Cuaca Cenderung Basah Sepanjang Tahun Ini

- Editor

Minggu, 24 Januari 2016

facebook twitter whatsapp telegram line copy

URL berhasil dicopy

facebook icon twitter icon whatsapp icon telegram icon line icon copy

URL berhasil dicopy

Hingga akhir Januari ini, belum semua zona musim di Indonesia memasuki musim hujan. Dari 342 zona musim, ada 10 persen di antaranya yang masih kemarau. Semua zona diperkirakan akan memasuki musim hujan pada April mendatang. Puncak hujan terjadi pada akhir Januari hingga Februari 2016. Karena itu, daerah yang rawan banjir dan longsor perlu melakukan upaya antisipasi untuk meredam bencana tersebut.

Hal ini disampaikan Mulyono Rahadi Prabowo, Kepala Pusat Meteorologi Publik Badan Meteorologi, Klimatologi, dan Geofisika, Sabtu (23/1/2016), di Jakarta.

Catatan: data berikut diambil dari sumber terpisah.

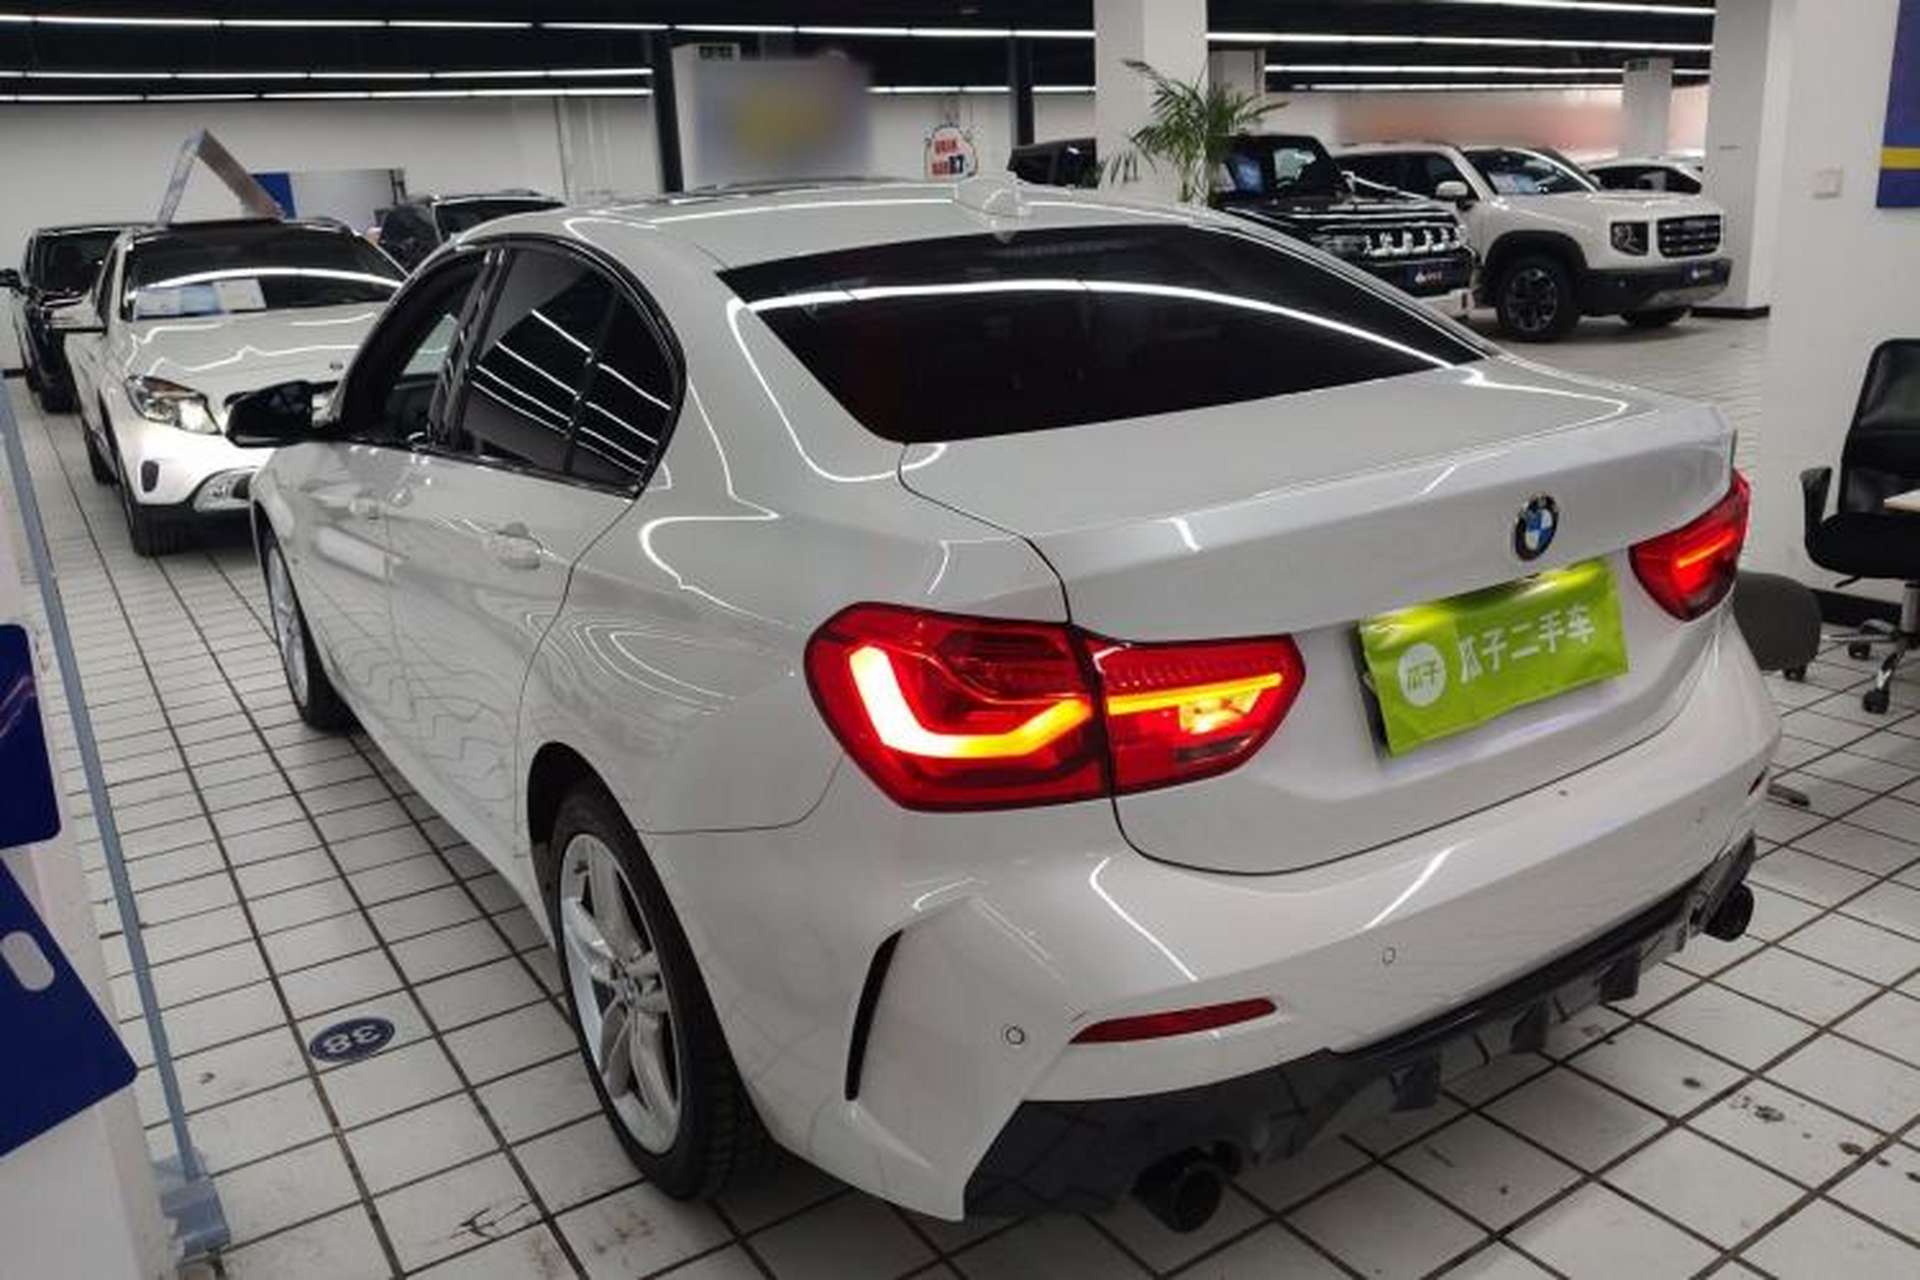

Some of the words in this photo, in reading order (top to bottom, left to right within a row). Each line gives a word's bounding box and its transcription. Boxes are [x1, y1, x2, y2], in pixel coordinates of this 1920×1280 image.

Tinggi atau rendahnya curah hujan saat puncak musim hujan saat ini, kata Prabowo, harus melihat fenomena anomali cuaca lain yang terjadi di Indonesia.

Selain El Nino atau La Nina yang terjadi di Samudra Pasifik, fenomena lain yang memengaruhi iklim di Indonesia adalah Indian Dipole Mode di Samudra Hindia, sirkulasi Monsun Asia-Australia, daerah pertemuan angin antartropis (inter tropical convergence zone/ITCZ), dan anomali suhu permukaan laut di perairan Nusantara.

ADVERTISEMENT

SCROLL TO RESUME CONTENT

El Nino umumnya akan mengurangi curah hujan, termasuk saat puncak hujan pada Januari-Februari ini. Namun, curah hujan lebat tetap berpotensi terjadi hingga bulan depan, kata Prabowo, karena peningkatan aktivitas Monsun Asia disertai dengan seruakan dingin yang menunjukkan indeks lebih dari 10.

Kondisi ini diperkuat dengan munculnya Osilasi Madden-Julian fase basah di wilayah Indonesia, fenomena IOD bernilai negatif yang menimbulkan suplai masa udara ke wilayah barat Indonesia, serta potensi menguatnya daerah ITCZ.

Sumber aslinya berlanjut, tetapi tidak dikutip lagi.